シルバーファースト現象のため、選挙の効果は限られる

 社会保障制度を修正することを公約する候補は与野党ともに少数派で、シルバーファースト現象もあって、選挙で社会保障を縮小する候補を当選させるのは現実的ではない。

 社会保障が継続困難ではないか、という疑念を広めていくことが重要になる。

若い世代は、離脱が有力な選択肢になる。

 じゃあ若い世代は社会保障制度を変革する手段を現実的に持たないのか、というと、決してそんなことはない。

 大学生や高校生、専門学校生は、将来の分野として医療・介護分野を選ばないことができる。
 つまり、医療従事者や選挙権をもたない高校生、それから世代人口が少ない若い世代は、医療・介護を職業として選ばないことで、社会保障に対する離脱を選択することができる。
 基軸通貨を発行できる国家は通貨発行ができるから、MMTの考え方によれば財政破綻はしない、と訴える人たちがいるが、通貨をいくら発行しても、やりたがらない仕事を無理やりやらせることはできないのだ。
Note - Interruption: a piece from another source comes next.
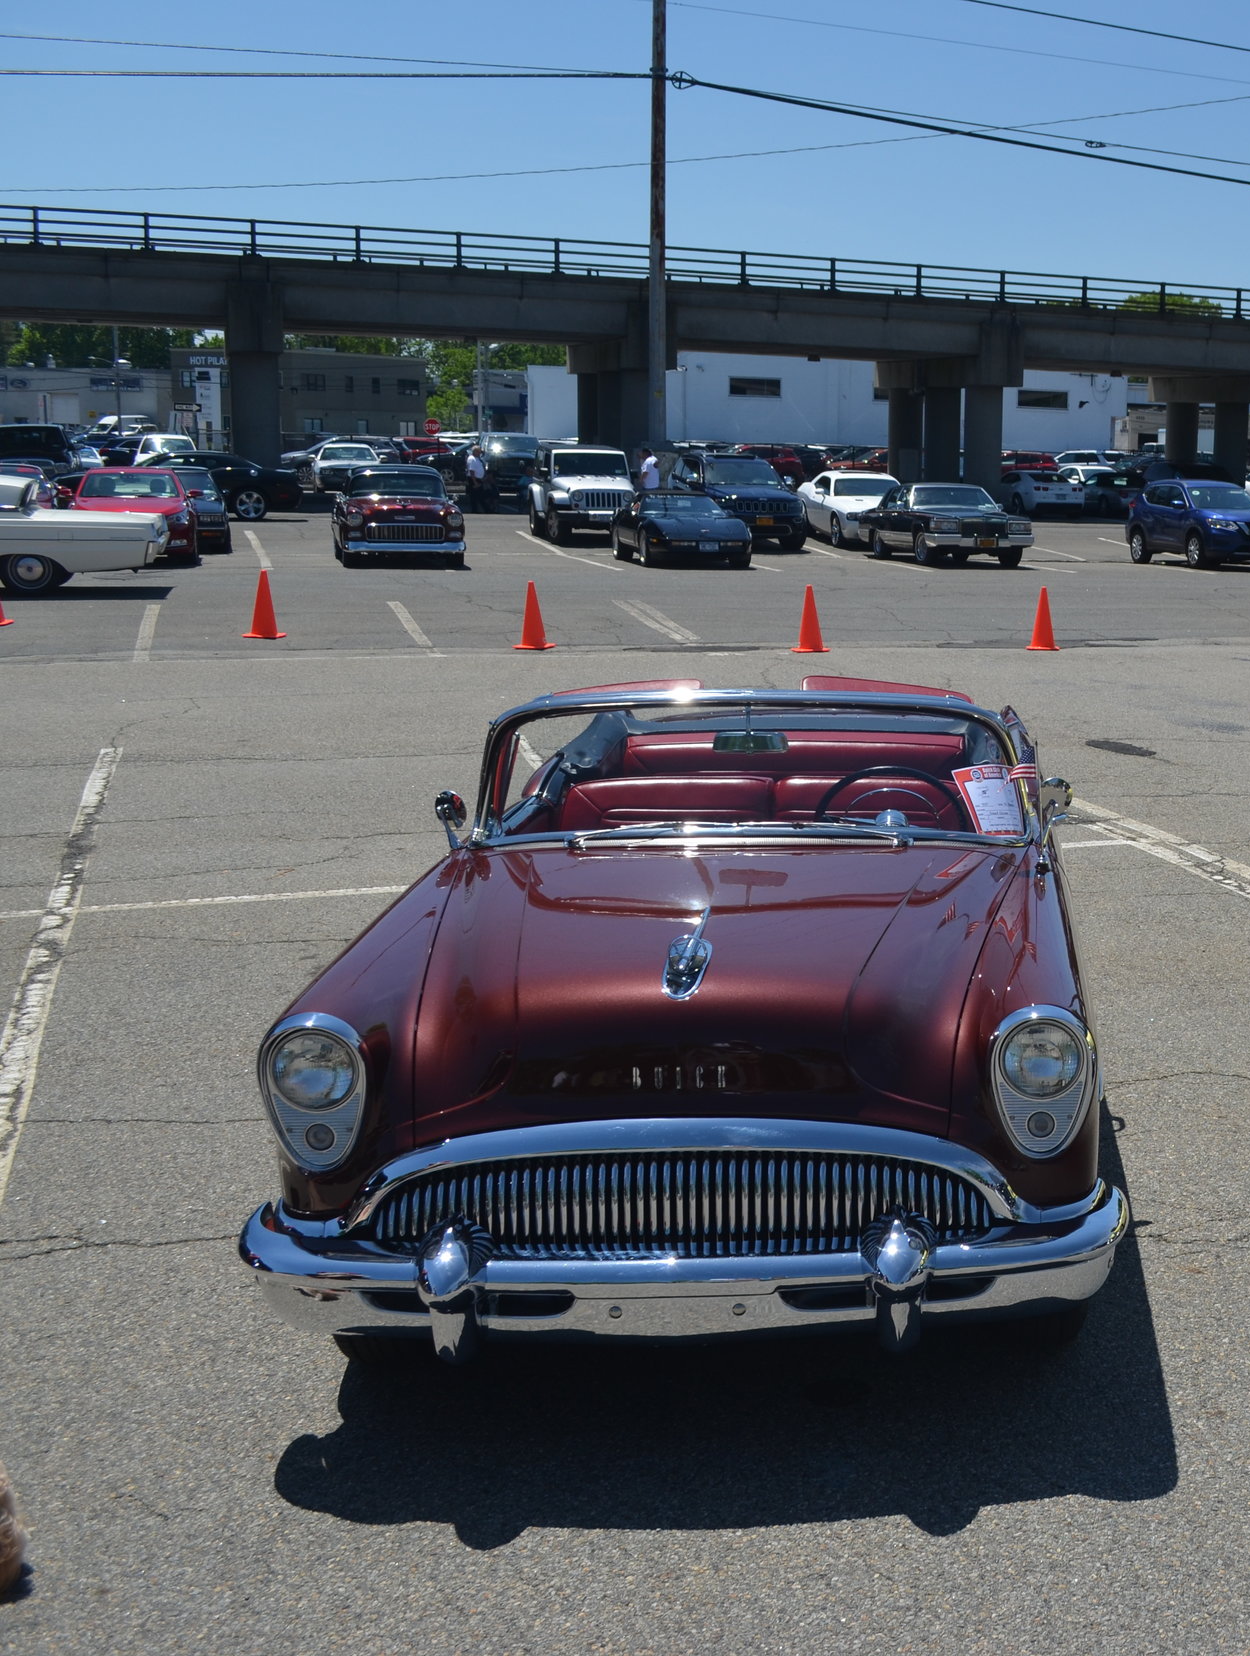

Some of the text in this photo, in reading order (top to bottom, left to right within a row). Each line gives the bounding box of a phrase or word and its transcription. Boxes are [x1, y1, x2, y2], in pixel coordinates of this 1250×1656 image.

[190, 356, 206, 365] HOT
[424, 423, 440, 431] STOP
[632, 1065, 726, 1089] BUICK
医療従事者は、離脱と発言を組み合わせることで、最も強力な異議申し立てができる。


 医療従事者は、転職によって意思表明をすることができる。無益な治療を提供する施設を退職して、意味のある医療行為を実施している施設に転職することができるし、医療以外を選ぶこともできる。
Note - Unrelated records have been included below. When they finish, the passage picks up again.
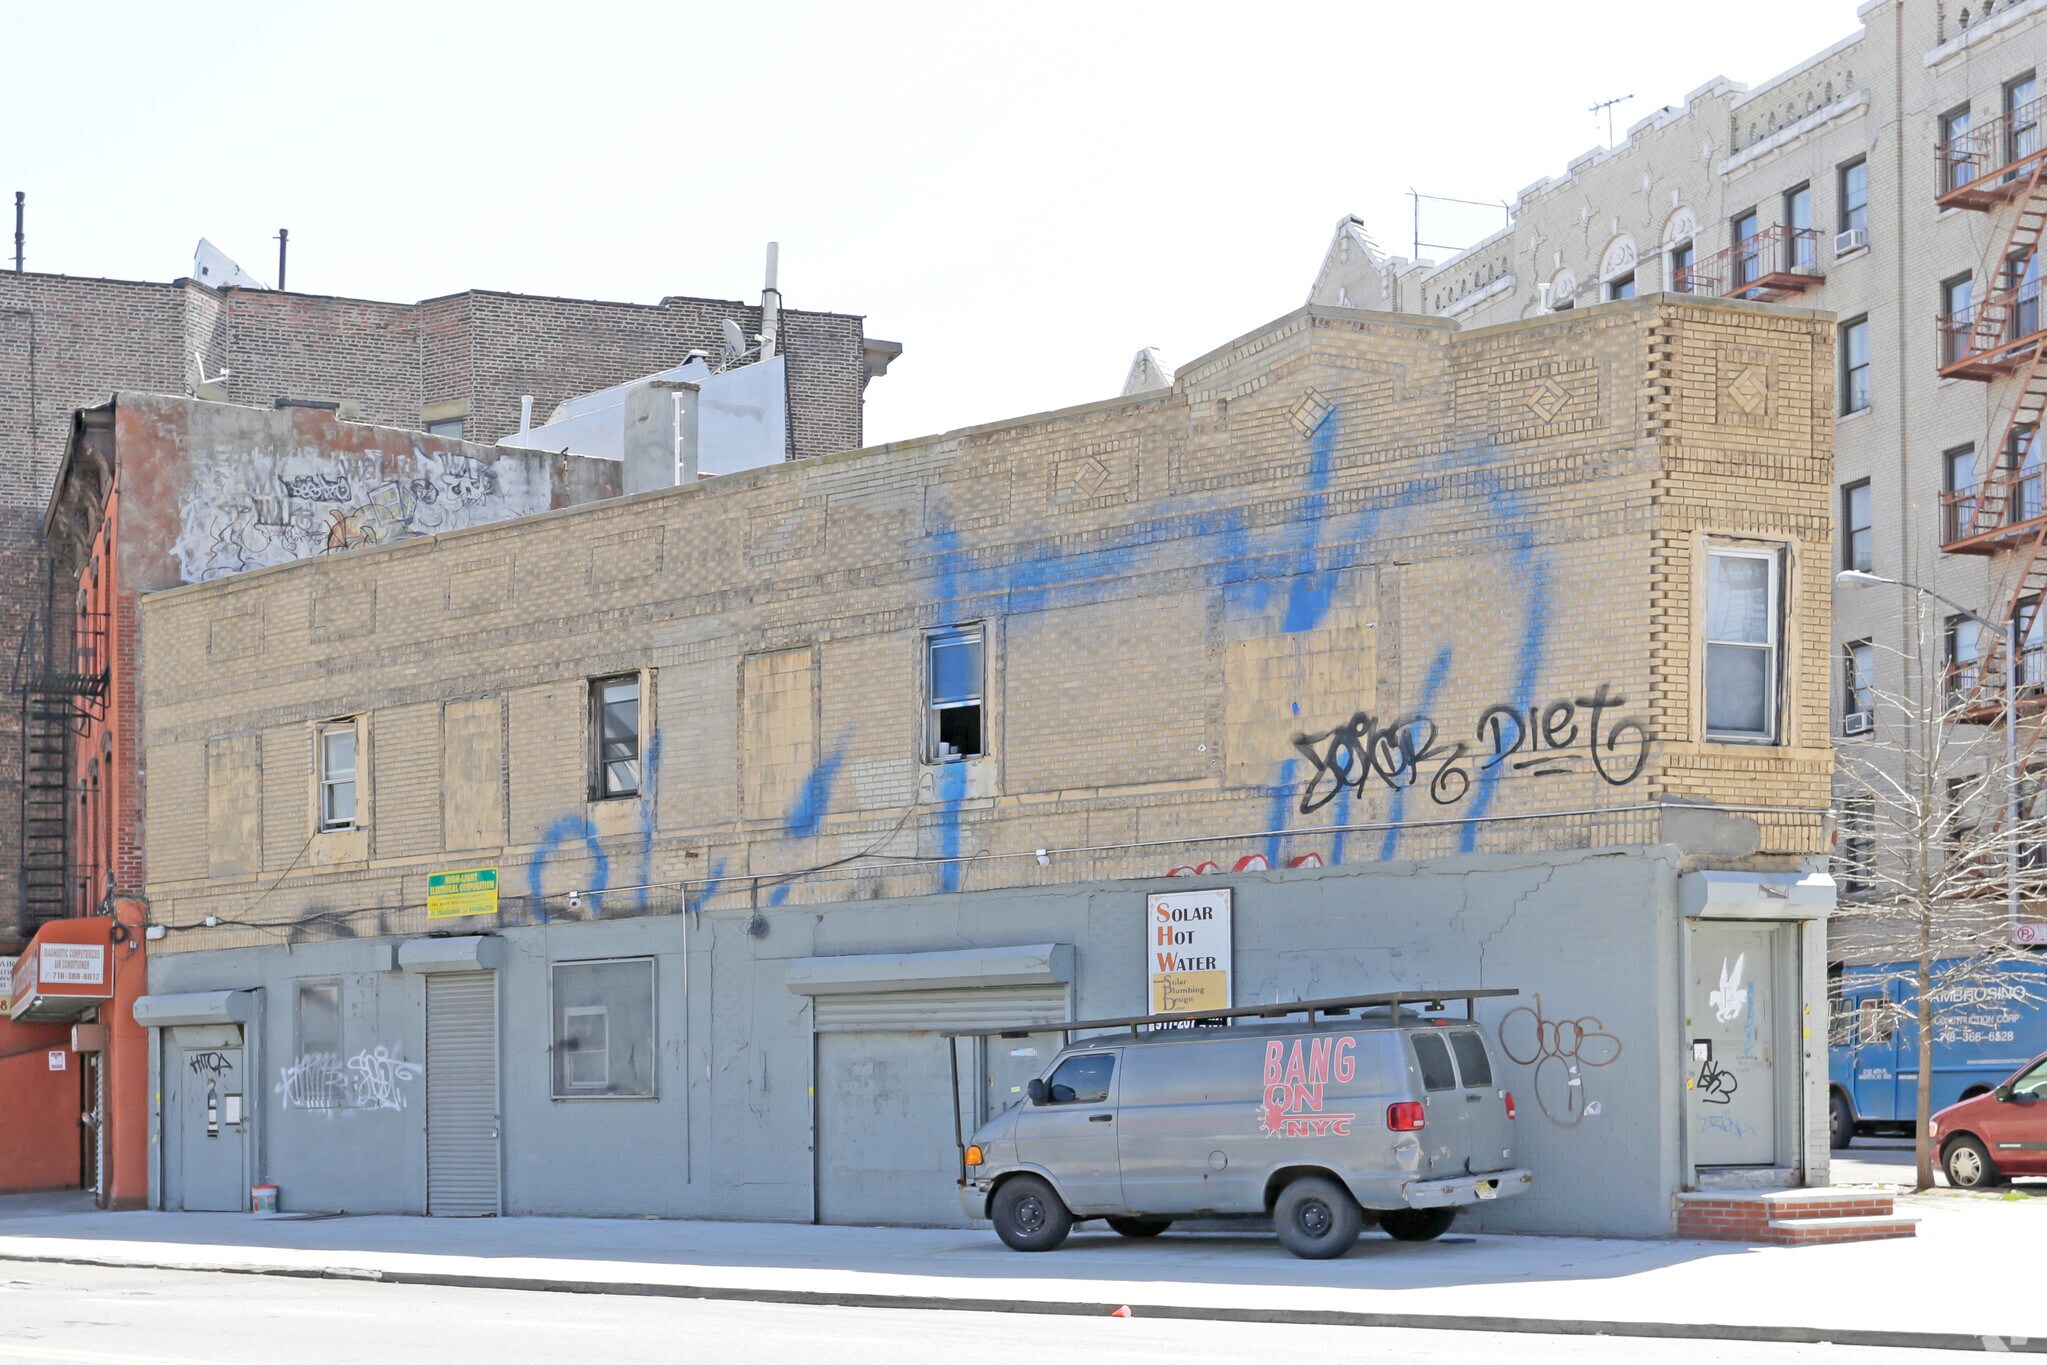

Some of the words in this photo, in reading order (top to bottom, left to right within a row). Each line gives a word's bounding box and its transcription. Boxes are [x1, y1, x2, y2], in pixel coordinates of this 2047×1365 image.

[44, 948, 68, 959] DIAGNOSTIC
[69, 948, 100, 960] COMPUTERIZED
[62, 960, 90, 970] CONDITIONER
[1163, 974, 1187, 988] Solar
[1163, 984, 1205, 996] Plumbing
[1930, 985, 2026, 1003] AMBROSINO
[1934, 1014, 1994, 1025] CONSTRUCTION
[1263, 1036, 1357, 1086] BANG
[1263, 1083, 1323, 1113] ON
[1286, 1119, 1351, 1137] NYC
 労働法を無視した働き方が常態化している施設もあるが、労働基準監督署に業務の是正を求めることも、労働法を守っている職場に転職することもできる。

 これは、約30年前、つまり就職氷河期であれば、成立しなかった。あの時代には若者に対して仕事が少なく、どんな分野であっても仕事があればそれを選ばなければならなかった。実際、就職先を生み出すために介護保険制度が整備された背景もある。

https://www.mhlw.go.jp/shingi/2006/01/dl/s0126-8g.pdf

2000年、労働省告示


 2020年代になってようやく、少子化のために若い世代が仕事を選べるようになったので、離脱の選択肢が意味を持つようになった。
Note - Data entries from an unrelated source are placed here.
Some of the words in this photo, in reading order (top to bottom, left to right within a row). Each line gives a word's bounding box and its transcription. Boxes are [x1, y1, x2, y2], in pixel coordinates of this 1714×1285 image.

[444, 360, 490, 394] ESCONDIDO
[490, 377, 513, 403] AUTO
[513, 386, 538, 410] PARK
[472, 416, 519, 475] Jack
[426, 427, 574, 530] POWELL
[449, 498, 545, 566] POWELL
 医療・介護従事者は、自分の仕事が社会保障の持続を困難にすると考えているなら、退職/転職する選択を提示しつつ、こうした無益な治療をやめることはできませんか、と発言することができる。

 医師では地域枠など、他の仕事を選べない立場もあるが、地域でずっと働いてきた人や、長く働くだろうと考えられている人、つまり地域への忠誠があると判断される人の発言は、無視できない重みをもつ。

 僕は医療従事者が最も、現在の社会保障制度の持続可能性についての実感を伴った批判を行いやすいと考えている。
 自分の仕事は社会の生産性にどのように影響を与え、患者さん自身の体験に何をもたらしているかを具体的に描けるからだ。

 思いもしなかったけど、絵を描くことは、非常に強力な思いを伝達する手段かもしれない。

 社会保障の持続可能性に異を唱える医療従事者は多い。
どのように医療制度にお金や資源が消費され、どのような結果を生み出しているかを間近で見ることができるからだ。

 自分が医療に使ったお金は簡単に調べることができるし(医師であれば、レセプトチェックのときに医療費をみて、その患者がどう退院していったかを思い出そう)、自分の治療や看護が何をもたらしているかは、日々やっていることを振り返れば、容易に実感できるものだ。
 
 そうした実感を踏まえた、異議申し立ての方法として、離脱と発言を組み合わせるより強力な方法はない。その最も強力な手段はストライキやボイコットだが、そこまでしなくても、声をあげることはできる。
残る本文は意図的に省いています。